(Referring expression grounding data)
=-=-=

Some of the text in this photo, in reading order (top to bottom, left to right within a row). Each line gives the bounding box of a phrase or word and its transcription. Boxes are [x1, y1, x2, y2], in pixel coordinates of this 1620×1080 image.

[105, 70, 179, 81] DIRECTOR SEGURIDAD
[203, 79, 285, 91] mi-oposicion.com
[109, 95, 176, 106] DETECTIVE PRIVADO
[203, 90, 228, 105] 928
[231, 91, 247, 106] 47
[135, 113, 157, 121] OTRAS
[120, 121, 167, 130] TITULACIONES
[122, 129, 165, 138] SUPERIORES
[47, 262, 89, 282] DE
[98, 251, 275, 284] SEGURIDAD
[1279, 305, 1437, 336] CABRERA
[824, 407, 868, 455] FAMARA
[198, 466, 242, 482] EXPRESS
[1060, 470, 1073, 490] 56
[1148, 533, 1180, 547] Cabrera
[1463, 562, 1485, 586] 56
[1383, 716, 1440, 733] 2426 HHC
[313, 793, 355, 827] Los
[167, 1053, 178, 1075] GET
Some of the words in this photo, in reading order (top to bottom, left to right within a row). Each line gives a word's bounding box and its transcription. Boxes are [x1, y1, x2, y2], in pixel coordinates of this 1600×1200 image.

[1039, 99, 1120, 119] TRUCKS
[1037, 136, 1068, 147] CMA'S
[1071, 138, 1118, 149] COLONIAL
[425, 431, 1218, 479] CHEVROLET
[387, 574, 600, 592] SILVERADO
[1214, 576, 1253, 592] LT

=-=-=

* _What the task asks_
The line containing "Some of the words" begins the span, and the last line of the records above ends it. Return that span exactly, and nothing outside it.

* _Solved exercise_
Some of the words in this photo, in reading order (top to bottom, left to right within a row). Each line gives a word's bounding box and its transcription. Boxes are [x1, y1, x2, y2], in pixel coordinates of this 1600×1200 image.

[1039, 99, 1120, 119] TRUCKS
[1037, 136, 1068, 147] CMA'S
[1071, 138, 1118, 149] COLONIAL
[425, 431, 1218, 479] CHEVROLET
[387, 574, 600, 592] SILVERADO
[1214, 576, 1253, 592] LT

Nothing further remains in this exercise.